= Michael Townsend Smith =

American dramatist (born 1935)

Michael Townsend Smith (born October 5, 1935) is an American playwright, theatre director, impresario, critic, and lighting designer.

== Life and career ==
Smith was born in Kansas City, Missouri, and received his primary education in Kansas City. He then went to the Hotchkiss School and to Yale University.

He was a theatre critic for The Village Voice during the 1960s and early 1970s, and was active in the development of Off-Off-Broadway theatre in New York City. He also worked as a director, playwright, and lighting designer during this time. Smith directed early works by Sam Shepard, Ronald Tavel, María Irene Fornés, Emanuel Peluso, Jean-Claude van Itallie, Soren Agenoux, H. M. Koutoukas, and William M. Hoffman, and others. He also directed some of his own plays, and works by Samuel Beckett, Edward Albee, Christopher Fry, and Gertrude Stein.

During the 1960s, Smith interviewed Wolfgang Zuckermann, noted manufacturer and scholar of harpsichords, for The Village Voice. They became friends and collaborated on projects in the performing arts. These projects included the Sundance Festival of the Chamber Arts (a performing arts festival in rural Pennsylvania), as well as an unsuccessful attempt to revive the Caffe Cino, an early off-off-Broadway theater located near Zuckermann's workshop in Greenwich Village. In the 1980s, Smith himself began to make harpsichords and fortepianos.

In the 1990s, Smith was the editor of Santa Barbara Magazine and founded Genesis West, a theatre company in Santa Barbara. They presented Smith's own plays and plays by Shepard, Fornes, and George F. Walker. He also worked as the arts editor of the Santa Barbara Independent and the music and dance critic for the Santa Barbara News-Press. In 2003, he moved to Silverton, Oregon, where he is affiliated with the Brush Creek Playhouse.

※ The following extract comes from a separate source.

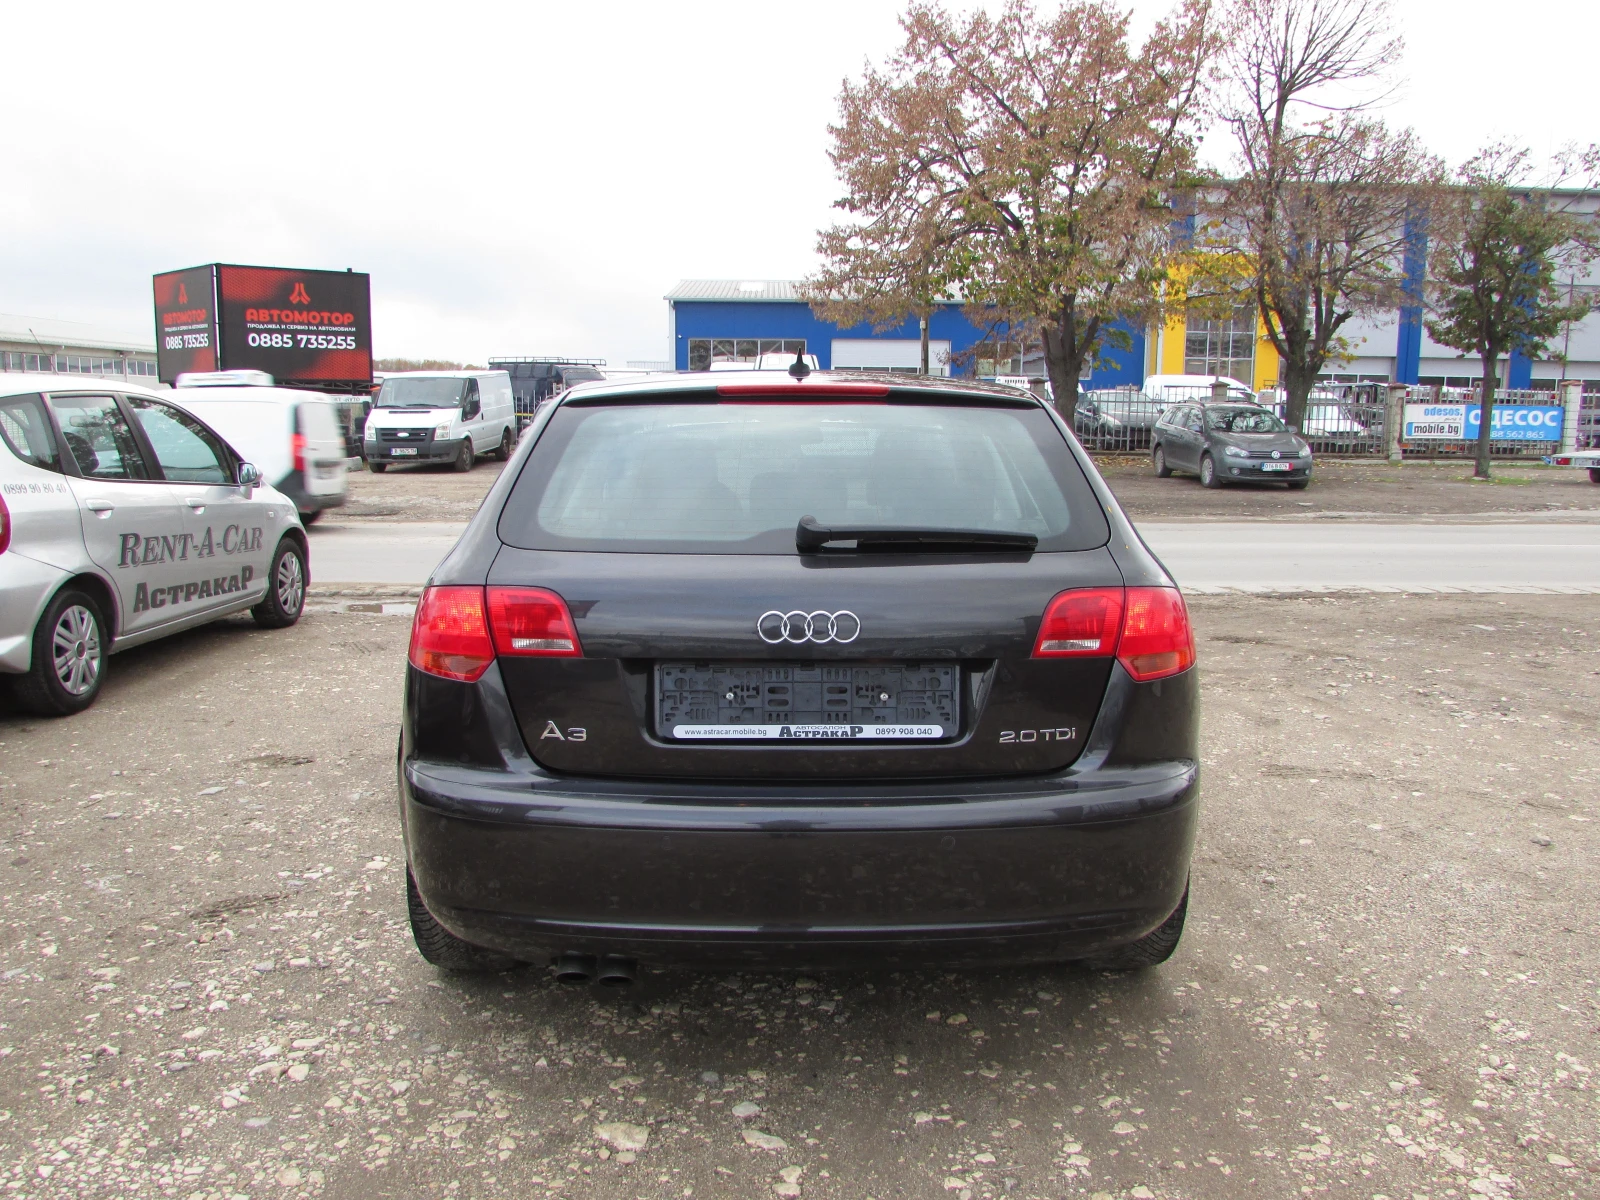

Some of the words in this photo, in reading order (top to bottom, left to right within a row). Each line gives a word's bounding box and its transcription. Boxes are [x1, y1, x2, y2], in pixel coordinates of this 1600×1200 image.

== Selected works and credits ==
Smith's plays include Captain Jack's Revenge, Country Music, Cowgirl Ecstasy, Heavy Pockets, and Half Life. A number of his early plays were produced at La MaMa Experimental Theatre Club, an off-off-Broadway theatre in the East Village of Manhattan. These included The Next Thing (1966), directed by Jacques Levy and presented by The Open Theater at La MaMa; Captain Jack's Revenge (1970), which Smith dedicated to Joe Cino; and Prussian Suite, which featured music by John Smead and was in aid of H.M. Koutoukas.

He also worked on a number of other productions at La MaMa during the 1960s and 1970s. He directed Emanuel Peluso's Hurricane of the Eye and contributed slides to Robert Schwartz's Nova, both in 1969. He then did lighting for Tom Murrin's Cock-Strong and Son of Cock-Strong, both directed by John Vaccaro in 1970. Also in 1970 he did lighting for Jackie Curtis' Heaven Grand in Amber Orbit, which was performed by the Playhouse of the Ridiculous. Smith wrote the libretto for John Herbert McDowell's opera A Dog's Love, and played harpsichord in the 1971 production. A Dog's Love was produced alongside Smith's play Tony, performed by Lucy Silvay. In 1973, he contributed to John Patrick Dodd's City of Light. In 1991, he did the lighting design for a production of Jean-Claude van Itallie's Ancient Boys directed by Gregory Keller.

More, More, More, I Want More was a three-minute play Smith wrote with Remy Charlip and Johnny Dodd. They wrote the play for Joyce Aaron to perform at a 1965 benefit for La MaMa to upgrade its electrical wiring and devices. The performance, called BbAaNnGg and organized by playwright Robert Patrick, consisted of over 25 three-minute skits and was reviewed by Smith in his Theatre Journal column. Smith also directed Charles Stanley and Ondine in a scene from a Koutoukas play at a production to benefit Koutoukas at La MaMa in 1974.